The Post published pieces during the election denying that mail-in votes could lead to widespread voter fraud. Now, Amazon is trying to stop workers from pursuing mail-in voting to unionize, citing fraud risk. Amazon has reportedly sought to postpone a unionization vote and requested federal labor authorities to reconsider allowing mail-in ballots, The Wall Street Journal reported Jan. 22. Amazon’s leadership was reportedly wary of mail-in voting leading to rampant fraud: “We believe that the best approach to a valid, fair and successful election is one that is conducted manually, in-person,” an Amazon spokesperson claimed, according to The Epoch Times.

Conservative journalists have called out the clear contradiction. Bezos’ companies have strategically denied and then supported the idea that mail-in votes can lead to fraud: “The owner of [T]he Washington Post has officially stated that mail-in ballot elections have serious and systemic flaws,” OAN Reporter Jack Posobiec tweeted. The Washington Post published pieces that denied mail-in voting could lead to mass election fraud during the 2020 presidential election.

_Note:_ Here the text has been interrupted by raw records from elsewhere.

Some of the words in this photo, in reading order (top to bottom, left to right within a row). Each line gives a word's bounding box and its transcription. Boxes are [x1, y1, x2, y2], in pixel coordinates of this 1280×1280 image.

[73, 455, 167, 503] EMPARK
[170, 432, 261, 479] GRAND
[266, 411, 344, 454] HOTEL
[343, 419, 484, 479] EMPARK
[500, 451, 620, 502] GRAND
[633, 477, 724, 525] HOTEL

Twitter then made the whole situation more ridiculous. Twitter promptly placed a label on the tweet, suggesting: “This claim of election fraud is disputed, and this Tweet can’t be replied to, Retweeted, or liked due to a risk of violence.” Posobiec responded: “Twitter has censored this so hard I don’t even receive notifications for when people are quote tweeting it now.”

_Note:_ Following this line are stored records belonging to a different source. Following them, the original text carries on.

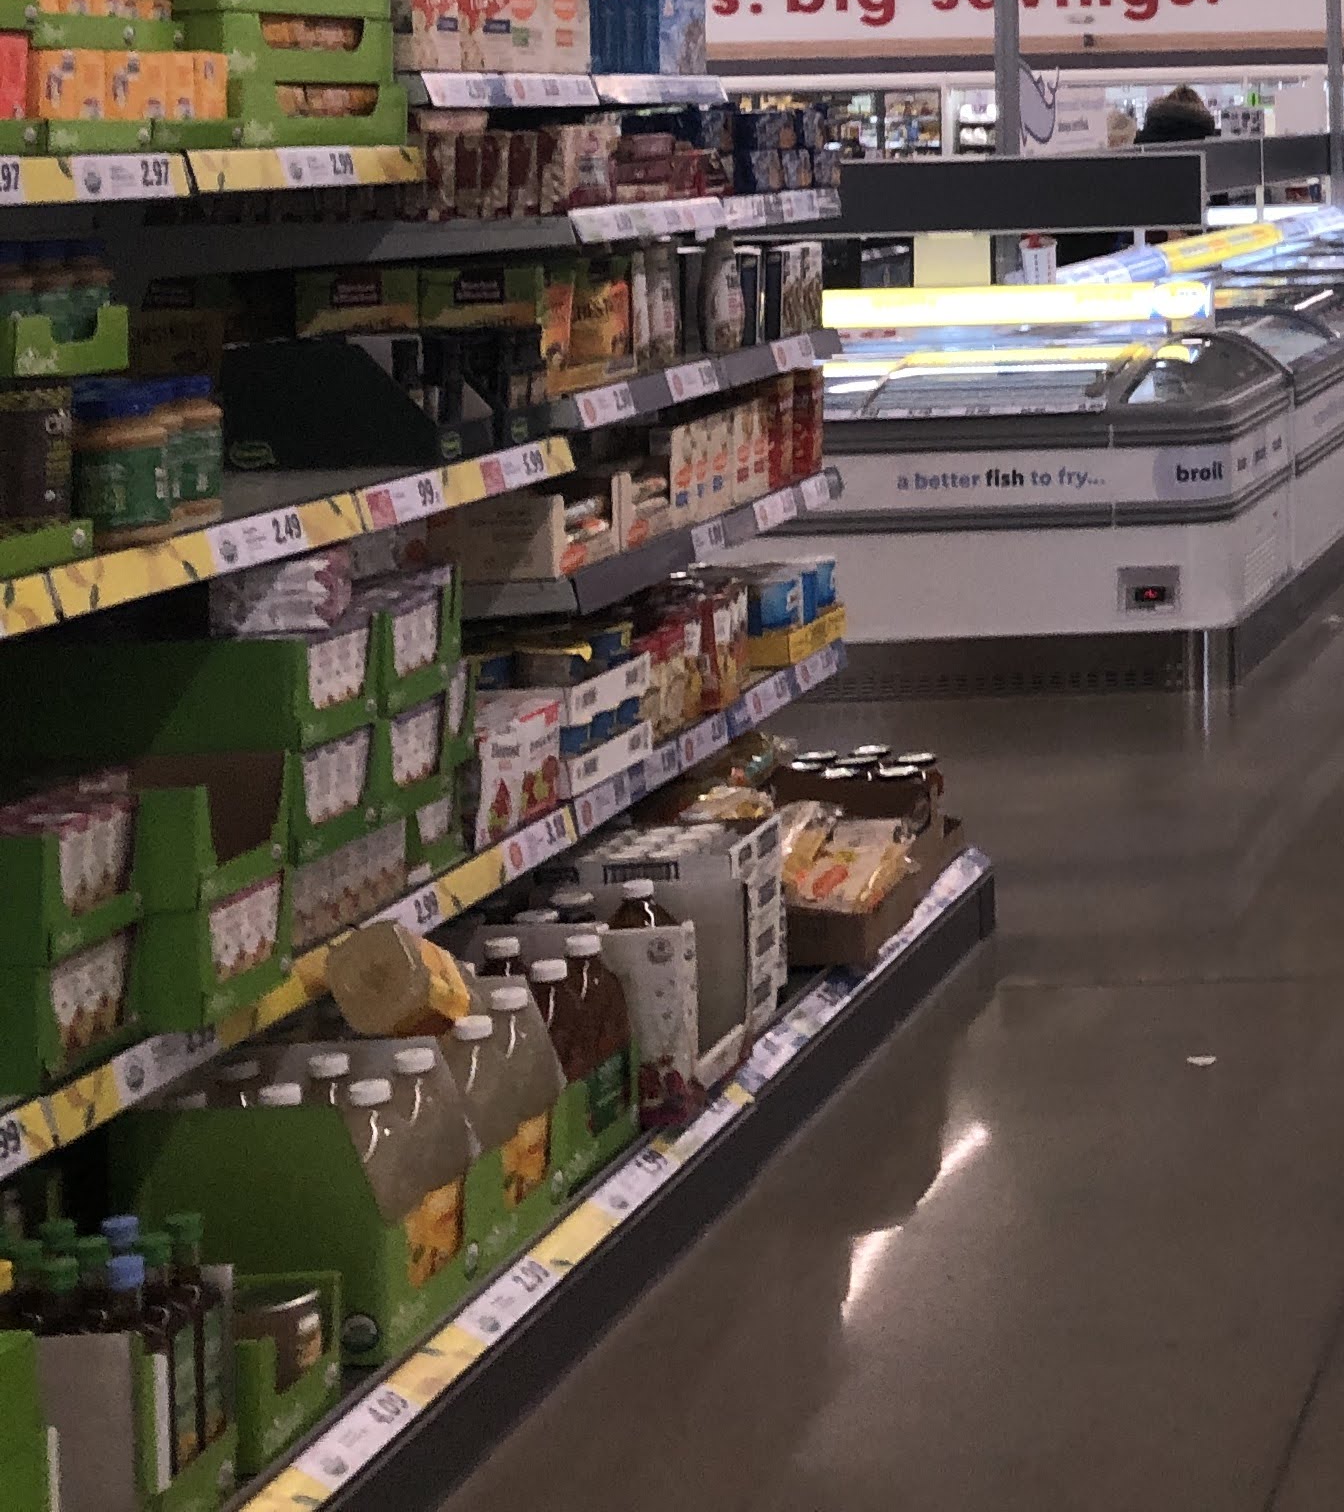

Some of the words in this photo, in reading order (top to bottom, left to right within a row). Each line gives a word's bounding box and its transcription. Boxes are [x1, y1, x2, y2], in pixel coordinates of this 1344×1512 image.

[140, 158, 169, 187] 2.97
[897, 472, 907, 488] a
[914, 467, 980, 488] better
[985, 467, 1025, 487] fish
[1030, 470, 1051, 485] to
[1175, 460, 1223, 482] broil

Whether The Post publishes pieces condemning or praising mail-in ballots appears dependent upon who or what is up for election.

During the 2020 presidential election, The Post published pieces fiercely denying that mail-in voting could lead to voter fraud. One mid-October piece was headlined, “Five myths about mail-in voting,” and claimed: “academics, election law experts and election administrators say voter fraud is vanishingly rare.” The Post also published a fact-check on Sept. 11 suggesting, “A mountain of evidence shows that mail voting has been almost entirely free of fraud through the decades, but Trump insists that it’s a recipe for disaster.”

Perhaps Bezos and his Amazon staff don’t read his newspaper.

The record shows that The Post and other liberal outlets criticized mail-in voting as a source of fraud in the past. In 2012, when the chief fraud concern was impostors voting at the polls in place of other people, The Post was clear that other sources of fraud, such as absentee votes were comparatively far more real:

“It may still be possible to steal an American election, if you know the right way to go about it. Recent court cases, from Appalachia to the Miami suburbs, have revealed the tricks of an underground trade: Conspirators allegedly bought off absentee voters, faked absentee ballots, and bribed people heading to the polls to vote one way or another.”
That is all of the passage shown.